Phrase grounding data
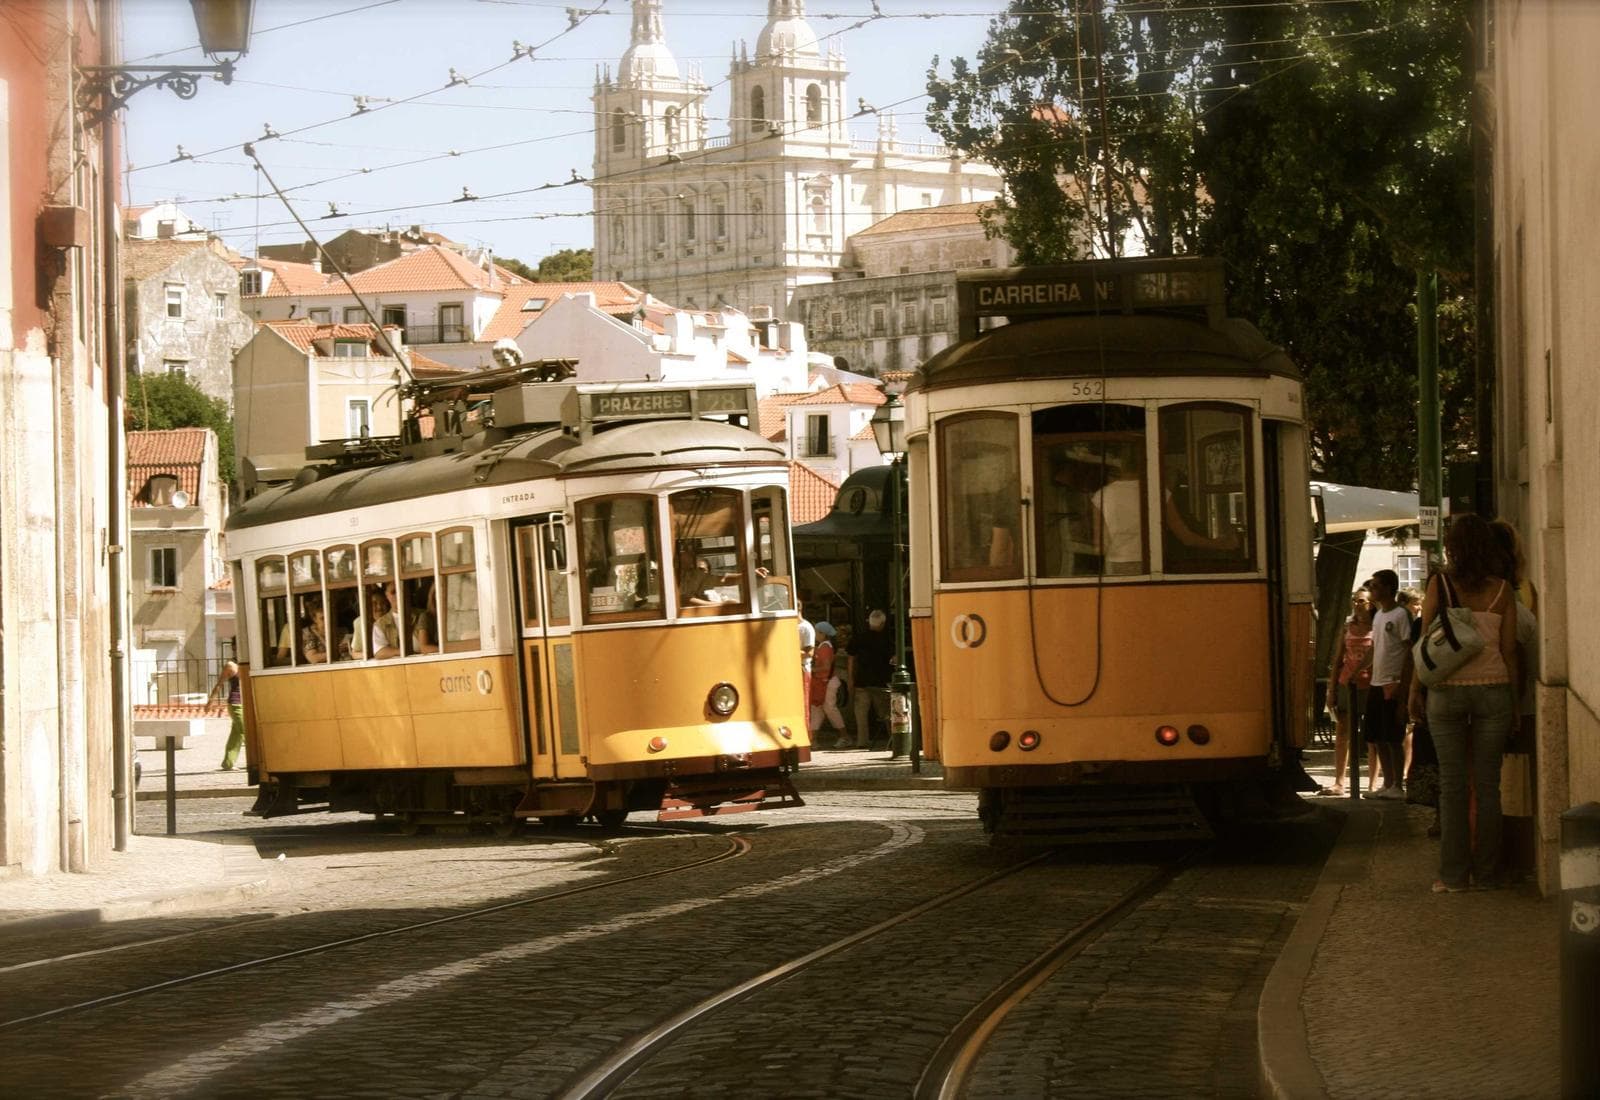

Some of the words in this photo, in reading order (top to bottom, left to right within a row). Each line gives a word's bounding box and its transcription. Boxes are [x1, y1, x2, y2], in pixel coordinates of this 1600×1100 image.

[979, 283, 1081, 306] CARREIRA
[1072, 381, 1102, 396] 562
[599, 394, 684, 412] PRAZERES
[706, 392, 737, 411] 28
[502, 492, 536, 505] ENTRADA
[440, 668, 473, 694] carris

> _WHAT THE TASK ASKS_
Only the words belong in your copy: restate the data above exactly and leave the images out.

> _TASK RESPONSE_
Some of the words in this photo, in reading order (top to bottom, left to right within a row). Each line gives a word's bounding box and its transcription. Boxes are [x1, y1, x2, y2], in pixel coordinates of this 1600×1100 image.

[979, 283, 1081, 306] CARREIRA
[1072, 381, 1102, 396] 562
[599, 394, 684, 412] PRAZERES
[706, 392, 737, 411] 28
[502, 492, 536, 505] ENTRADA
[440, 668, 473, 694] carris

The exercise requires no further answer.